Há, no entanto, algumas diferenças no padrão da calvície, consoante é masculina ou feminina. Assim, no homem a rarefacção do cabelo começa por se notar nas entradas ou no vertex, com as conhecidas clareiras no cimo do couro cabeludo, como se tivessem feito uma tonsura à padre. Nas mulheres, o processo é mais difuso, menos evidente e, eventualmente, menos constrangedor do ponto de vista social. Além de menos frequente, a calvície feminina raramente progride para a perda total do cabelo. O que acontece quase sempre é que o cabelo se torna mais fino e rarefeito, mas sem que a queda privilegie um qualquer ponto da cabeça. Daí que os homens fiquem efectivamente carecas e dificilmente se encontre uma mulher com o couro cabeludo todo exposto (salvo, naturalmente, os casos de queda causada por tratamentos químicos, como no cancro). A idade em que a calvície se faz sentir marca igualmente a diferença entre homens e mulheres. Nos primeiros, e se estiverem geneticamente predispostos, ela pode manifestar-se logo aos 20 anos, havendo homens de 30 que já só têm uma coroa de cabelo à volta da cabeça. Nas mulheres, a acção das hormonas masculinas revela-se um pouco mais tarde, em cerca de 40% dos casos já na sexta década de vida, quando as hormonas femininas diminuem em número e eficácia.
As alterações hormonais influenciam, de facto, a queda do cabelo. Mas o stress também condiciona o crescimento de novos fios, o que, num mundo cada vez mais competitivo e em que as mulheres assumem um papel cada vez mais activo, pode ser sinónimo de problemas para o sexo feminino. Em matéria de calvície, claro. Com uma diferença substancial em relação aos homens.

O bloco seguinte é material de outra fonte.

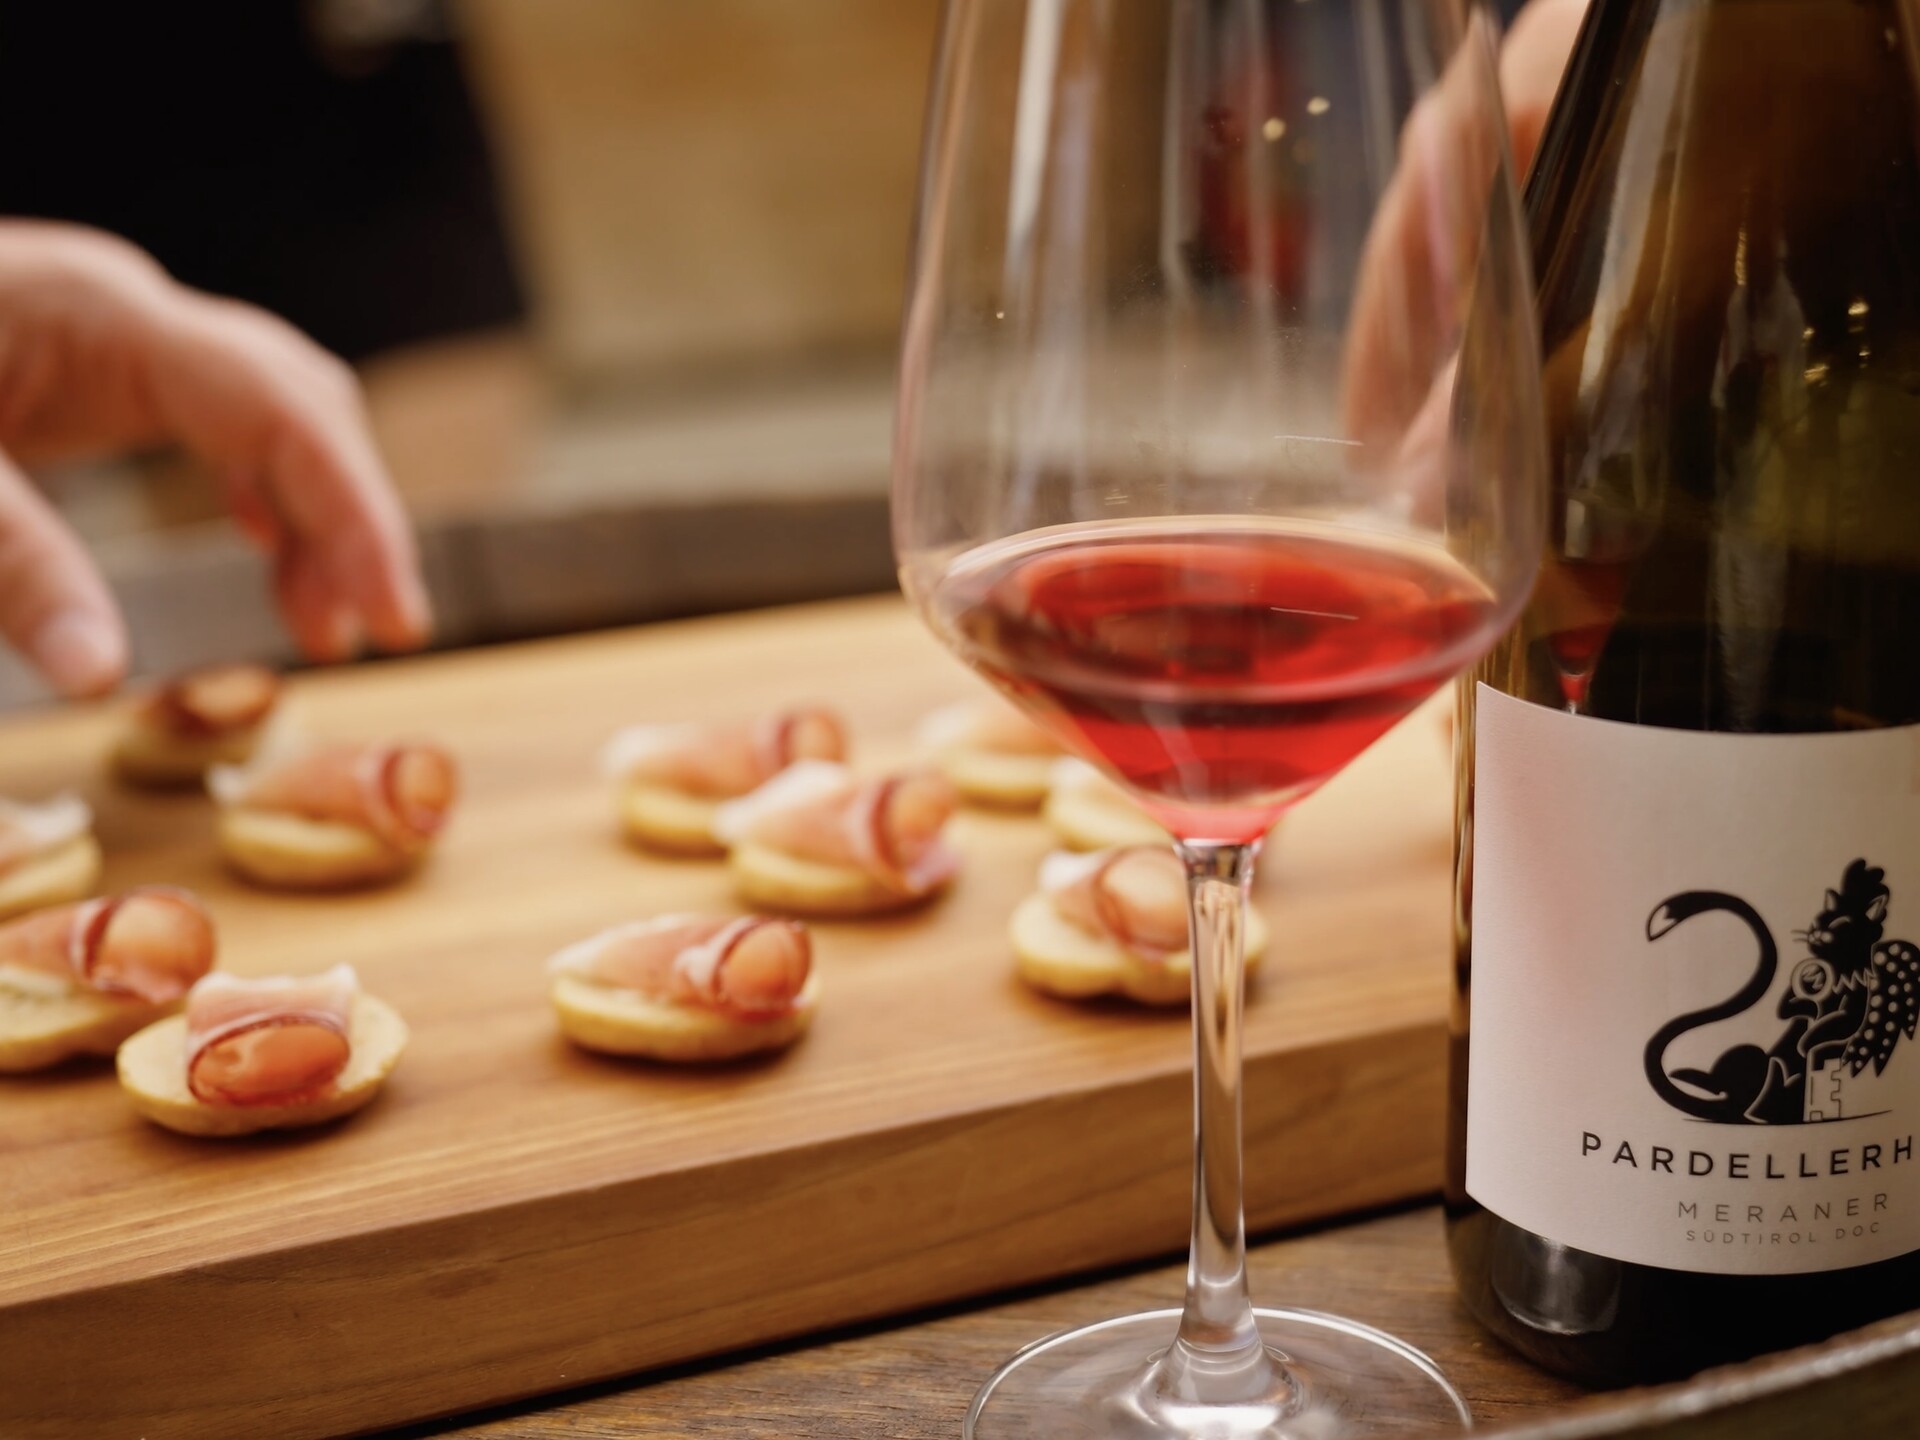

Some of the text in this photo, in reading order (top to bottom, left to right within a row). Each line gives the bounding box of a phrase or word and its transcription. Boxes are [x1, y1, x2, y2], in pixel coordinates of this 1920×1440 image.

É que se a calvície masculina é aceite, não constituindo impedimento ao seu relacionamento social, acontecerá o mesmo com as mulheres?
Outras quedas
Nem sempre a queda do cabelo é prenúncio de calvície. Medicamentos, stress, alterações hormonais, deficiências nutritivas, doenças crónicas e até a forma como tratamos os nossos cabelos podem influenciar o seu nascimento, crescimento e morte. Doenças crónicas como o lúpus e a diabetes geralmente são acompanhadas de um enfraquecimento do cabelo. O mesmo acontece com o tratamento do cancro: os produtos químicos usados na quimioterapia e as radiações emitidas nas sessões de radioterapia são responsáveis pela perda súbita de cabelos, já que detêm a fase de crescimento dos folículos capilares. Daí ser frequente que os doentes com cancro cheguem à calvície total, o que no caso das mulheres agrava o quadro emocional associado à doença.

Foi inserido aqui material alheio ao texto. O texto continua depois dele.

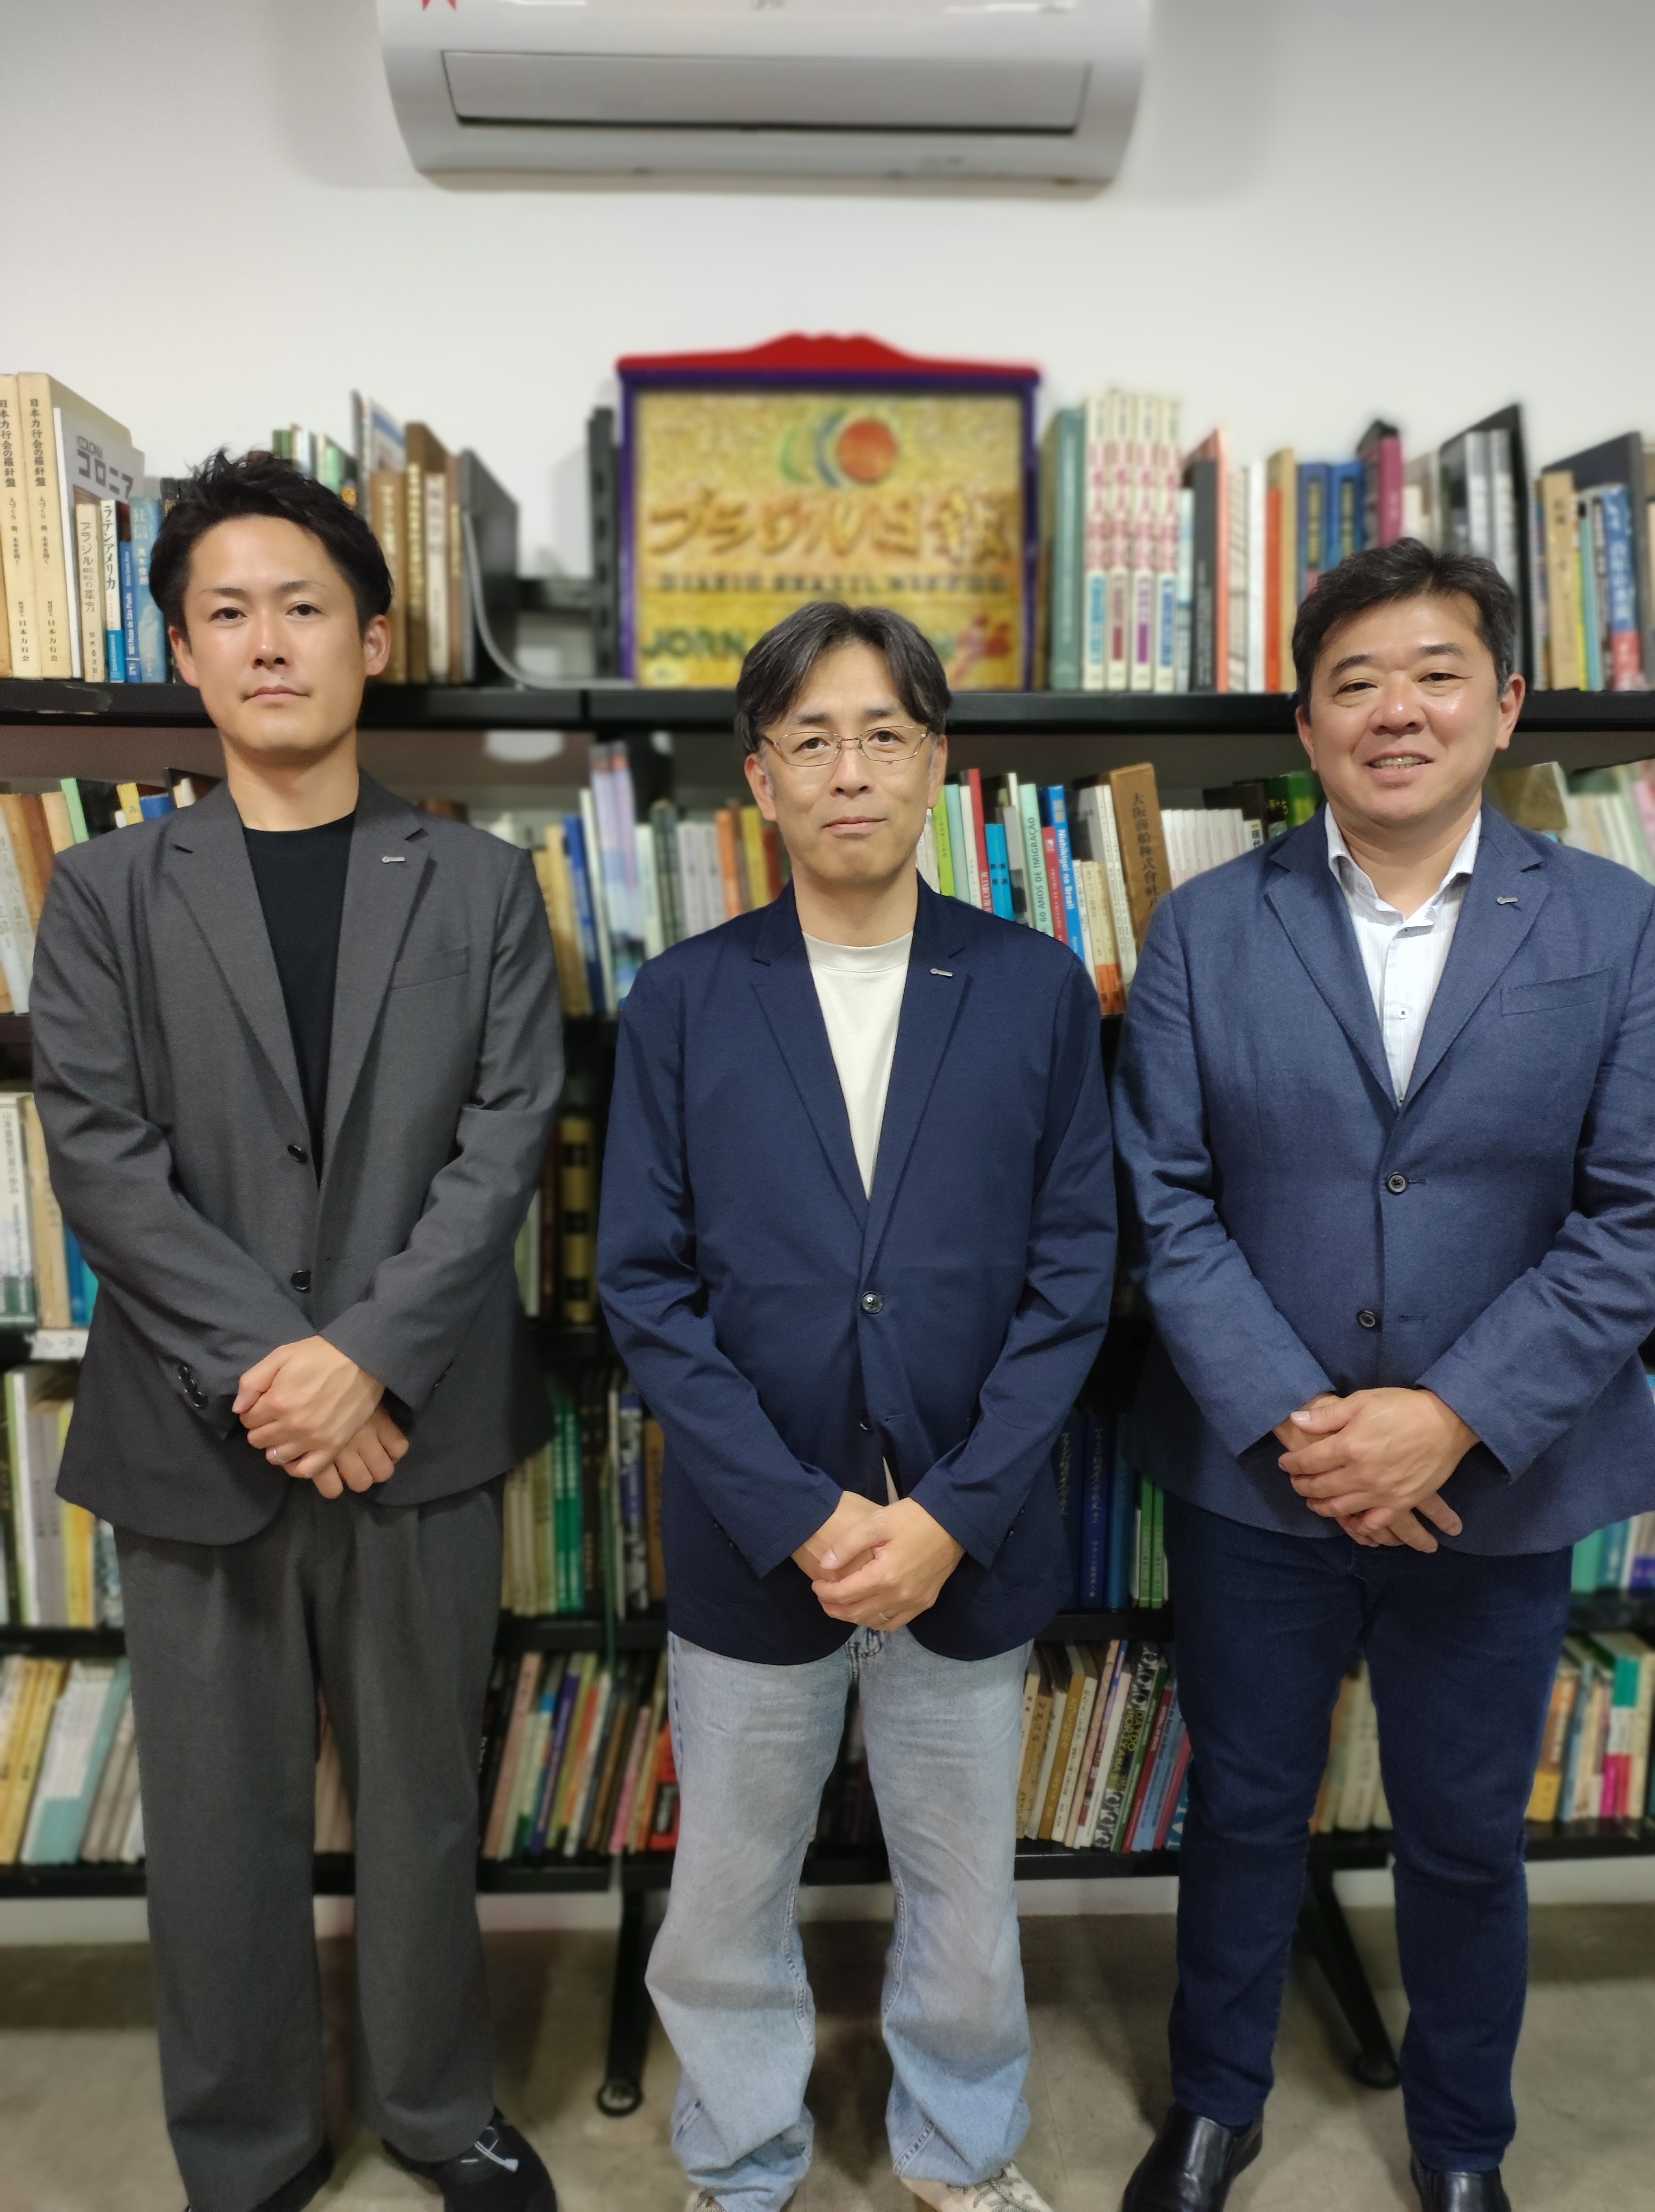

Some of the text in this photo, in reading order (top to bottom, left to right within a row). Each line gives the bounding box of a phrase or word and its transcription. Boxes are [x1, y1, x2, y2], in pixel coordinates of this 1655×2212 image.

[0, 399, 17, 487] 日本力行会の羅針盤
[30, 399, 47, 487] 日本力行会の羅針盤
[77, 448, 133, 499] コロニア
[102, 505, 115, 590] ラテンアメリカ
[642, 627, 749, 658] JORN
[1027, 817, 1041, 869] IMIGRAÇÃO
[1057, 829, 1071, 871] Nishikigoi
[1034, 870, 1042, 883] DE
[1036, 885, 1045, 909] ANOS
[1062, 873, 1070, 884] no
[1039, 912, 1047, 922] 60
[1064, 886, 1075, 910] Brasil
[1113, 1708, 1136, 1772] MORIYAMA
[1127, 1710, 1145, 1751] DAIDO

Alguns quadros de queda de cabelo são apenas temporários e recuperáveis, nomeadamente quando se prendem com disfunções hormonais. É o que acontece no pós-parto, enquanto o organismo da mulher se recupera dos desequilíbrios hormonais da gravidez. É o que acontece ainda em dietas alimentares desreguladas e causadoras de deficiências nutritivas. O stress tem igualmente um palavra a dizer. Quando é elevado pode reduzir o crescimento de novos cabelos, ao fazer com que uma grande proporção de folículos entre no estágio de descanso. E assim, alguns meses depois do momento stressante, pode ocorrer queda de cabelo. Escová-lo em excesso, fazer tranças e trancinhas, usar ganchos e mais ganchos também não é saudável para o cabelo. Causa fricção, fragilizando os fios.
As permanentes químicas têm o mesmo efeito, se usadas em excesso: podem causar inflamação, destruindo a raiz do cabelo, por vezes até de forma permanente. E depois há a idade. A velhice não é condição dos calvos, mas o contrário é verdadeiro: quando a contabilidade dos anos aumenta, é natural que a dos cabelos diminua.